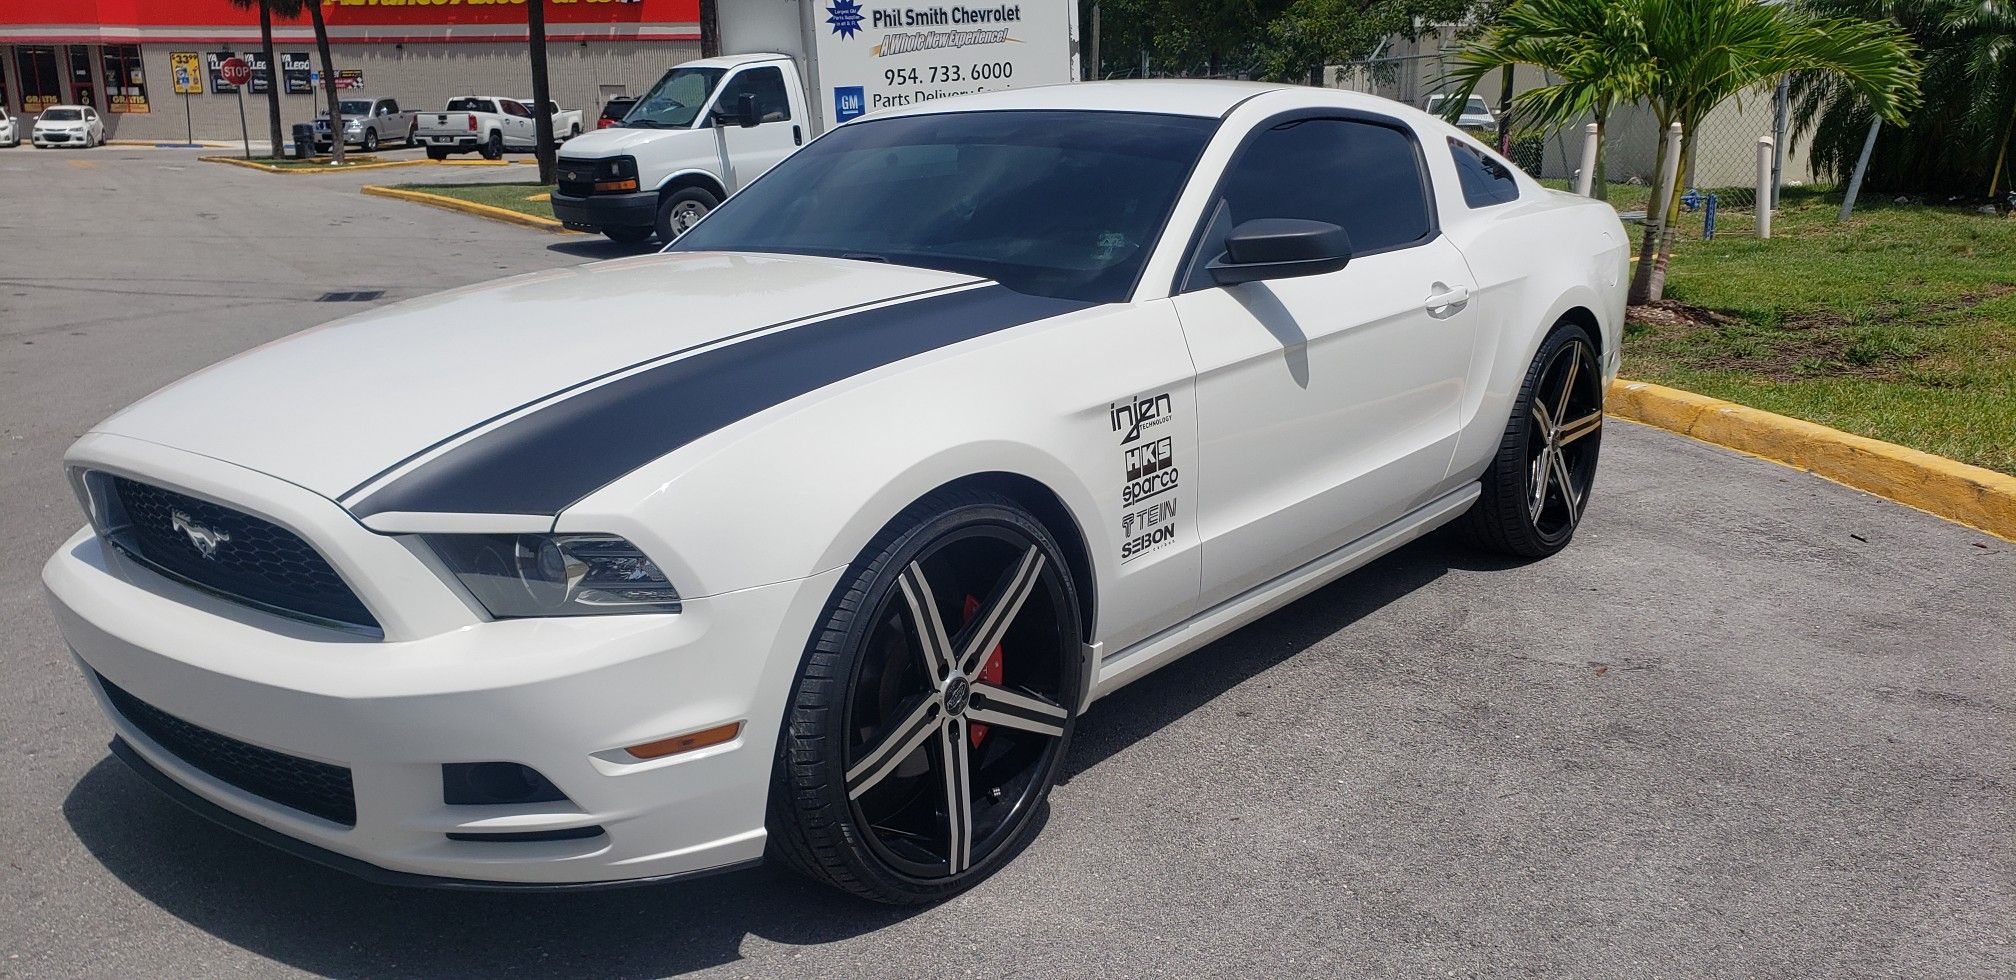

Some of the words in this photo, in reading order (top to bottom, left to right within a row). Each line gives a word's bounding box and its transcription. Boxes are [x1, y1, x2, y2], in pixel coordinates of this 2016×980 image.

[873, 10, 902, 28] Phil
[905, 8, 948, 26] Smith
[952, 5, 1020, 24] Chevrolet
[879, 35, 890, 57] A
[889, 32, 926, 55] Whole
[924, 31, 951, 50] New
[949, 28, 1008, 48] Experience!
[208, 54, 217, 62] YA
[245, 54, 254, 62] YA
[282, 54, 291, 62] YA
[224, 66, 250, 77] STOP
[884, 68, 923, 86] 954.
[928, 65, 966, 83] 733.
[970, 61, 1013, 80] 6000
[841, 95, 858, 110] GM
[873, 93, 910, 108] Parts
[1139, 415, 1172, 431] TECHNOLOGY
[1125, 437, 1172, 476] HKS
[1122, 467, 1179, 505] sparco
[1136, 498, 1177, 531] TEIN
[1121, 523, 1175, 559] SEBON
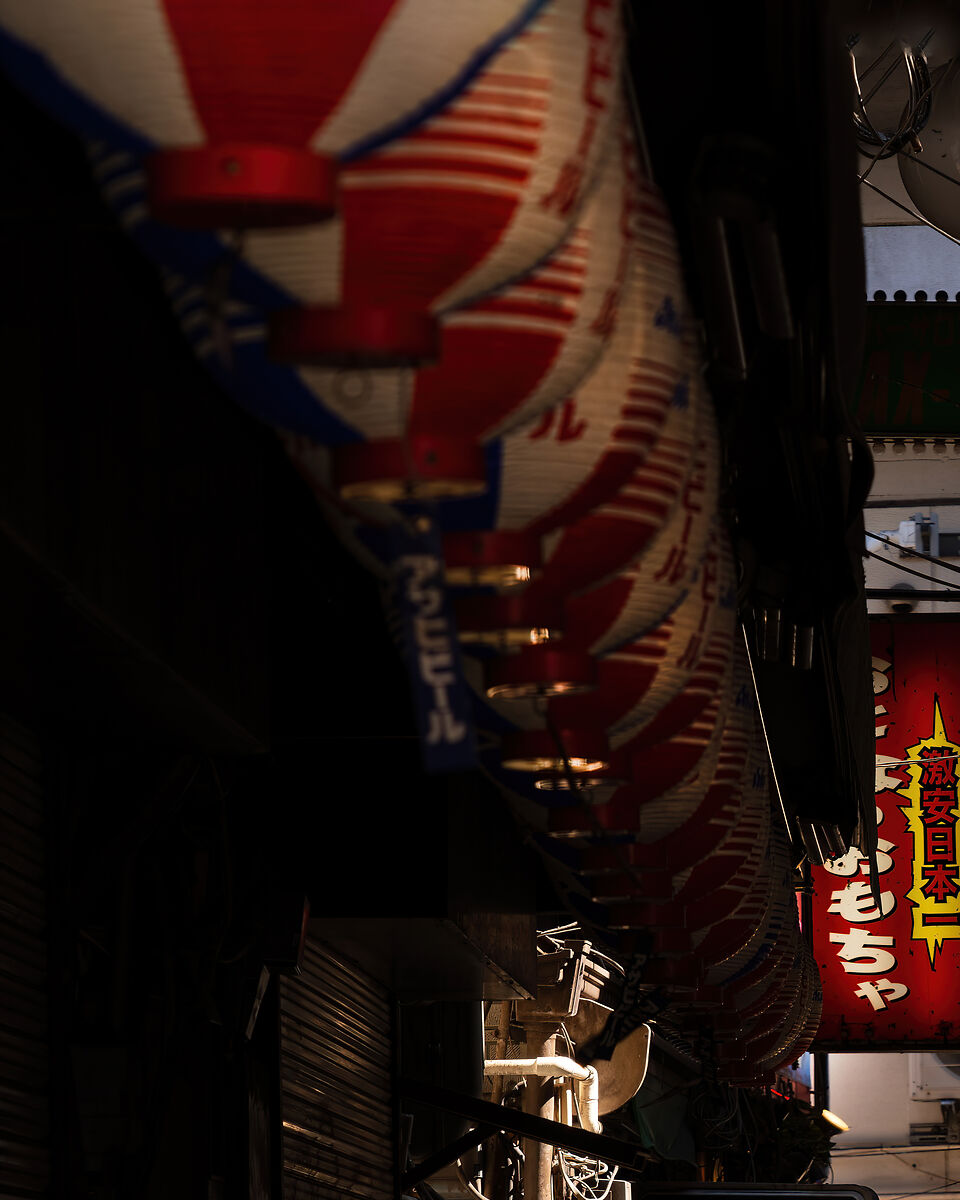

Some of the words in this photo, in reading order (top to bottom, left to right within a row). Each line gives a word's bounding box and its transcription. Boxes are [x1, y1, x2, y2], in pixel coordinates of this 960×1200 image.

[920, 744, 960, 926] 激安日本一
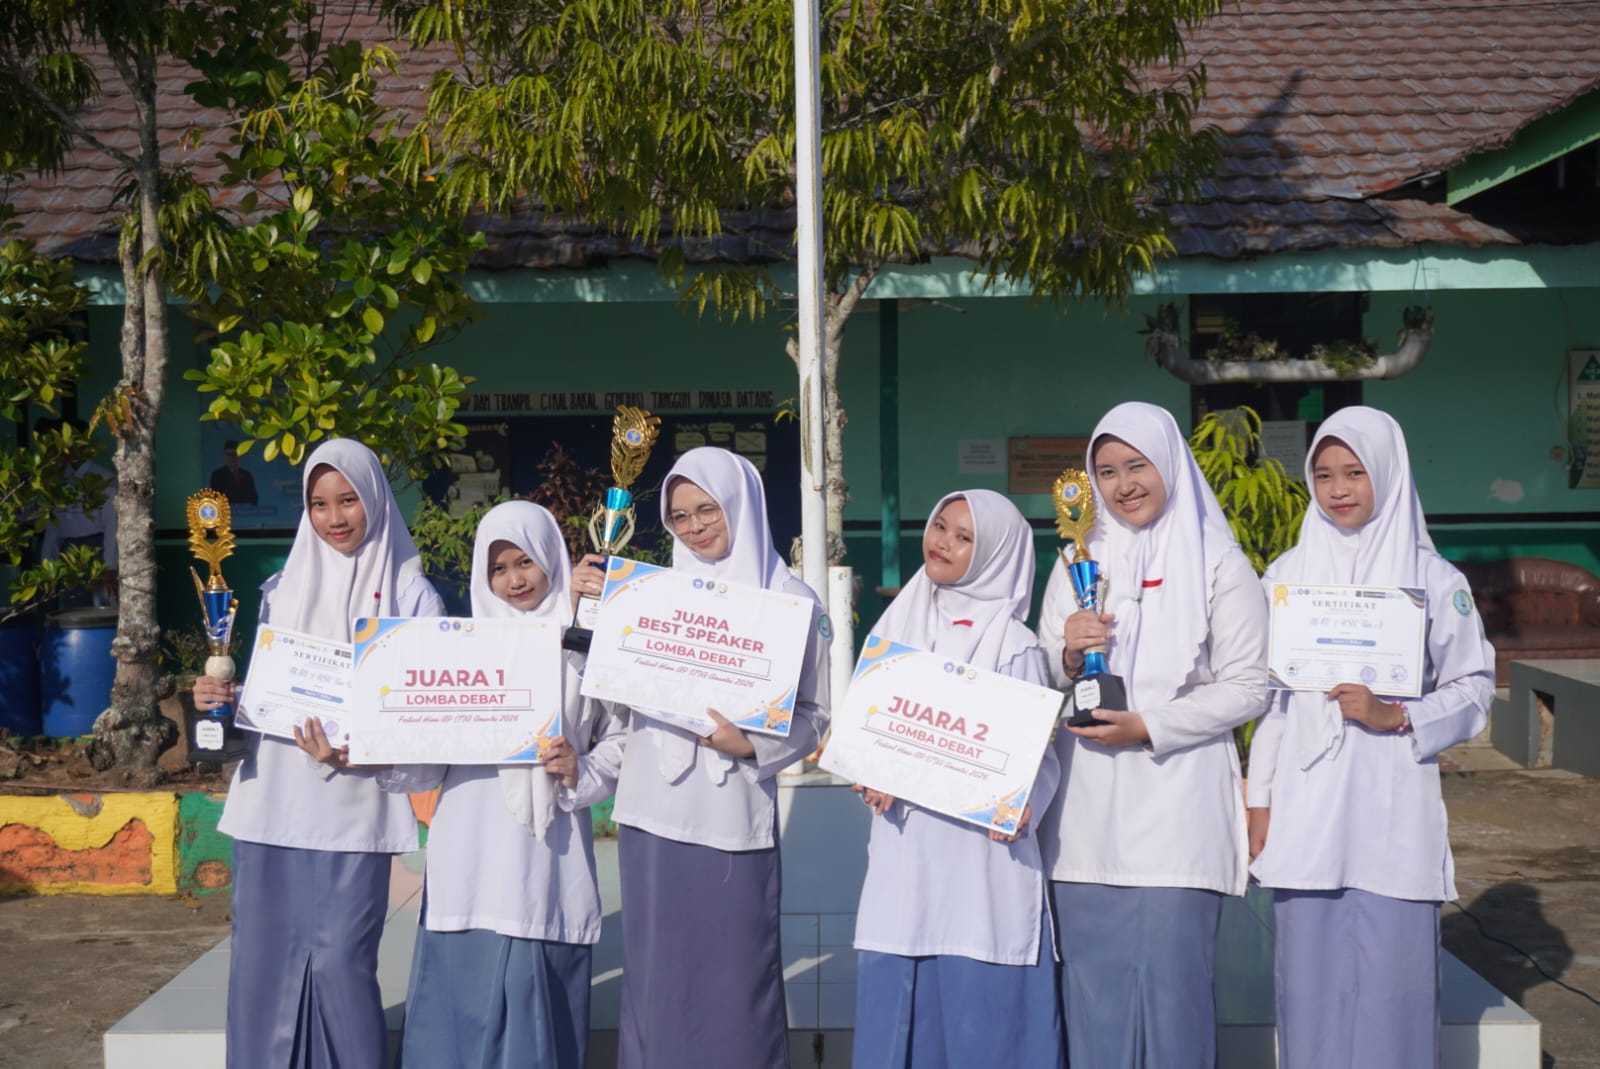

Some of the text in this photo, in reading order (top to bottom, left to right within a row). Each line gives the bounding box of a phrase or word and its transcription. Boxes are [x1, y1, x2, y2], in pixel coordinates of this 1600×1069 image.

[1311, 599, 1377, 609] SERTIFIKAT
[672, 609, 729, 632] JUARA
[637, 616, 765, 654] BEST SPEAKER
[294, 650, 352, 669] SERTIFIKAT
[645, 639, 747, 669] LOMBA DEBAT
[404, 668, 505, 687] JUARA 1
[406, 694, 506, 705] LOMBA DEBAT
[887, 695, 990, 742] JUARA 2
[887, 721, 984, 761] LOMBA DEBAT

━━━━

• WHAT TO WORK ON: Return each record exactly as given, excluding any image.

• OUTPUT FOR THIS EXERCISE:
Some of the words in this photo, in reading order (top to bottom, left to right within a row). Each line gives a word's bounding box and its transcription. Boxes are [x1, y1, x2, y2], in pixel coordinates of this 2016×980 image.

[873, 10, 902, 28] Phil
[905, 8, 948, 26] Smith
[952, 5, 1020, 24] Chevrolet
[879, 35, 890, 57] A
[889, 32, 926, 55] Whole
[924, 31, 951, 50] New
[949, 28, 1008, 48] Experience!
[208, 54, 217, 62] YA
[245, 54, 254, 62] YA
[282, 54, 291, 62] YA
[224, 66, 250, 77] STOP
[884, 68, 923, 86] 954.
[928, 65, 966, 83] 733.
[970, 61, 1013, 80] 6000
[841, 95, 858, 110] GM
[873, 93, 910, 108] Parts
[1139, 415, 1172, 431] TECHNOLOGY
[1125, 437, 1172, 476] HKS
[1122, 467, 1179, 505] sparco
[1136, 498, 1177, 531] TEIN
[1121, 523, 1175, 559] SEBON

Some of the words in this photo, in reading order (top to bottom, left to right within a row). Each line gives a word's bounding box and its transcription. Boxes are [x1, y1, x2, y2], in pixel coordinates of this 960×1200 image.

[920, 744, 960, 926] 激安日本一

Some of the text in this photo, in reading order (top to bottom, left to right within a row). Each line gives the bounding box of a phrase or word and its transcription. Boxes are [x1, y1, x2, y2], in pixel coordinates of this 1600×1069 image.

[1311, 599, 1377, 609] SERTIFIKAT
[672, 609, 729, 632] JUARA
[637, 616, 765, 654] BEST SPEAKER
[294, 650, 352, 669] SERTIFIKAT
[645, 639, 747, 669] LOMBA DEBAT
[404, 668, 505, 687] JUARA 1
[406, 694, 506, 705] LOMBA DEBAT
[887, 695, 990, 742] JUARA 2
[887, 721, 984, 761] LOMBA DEBAT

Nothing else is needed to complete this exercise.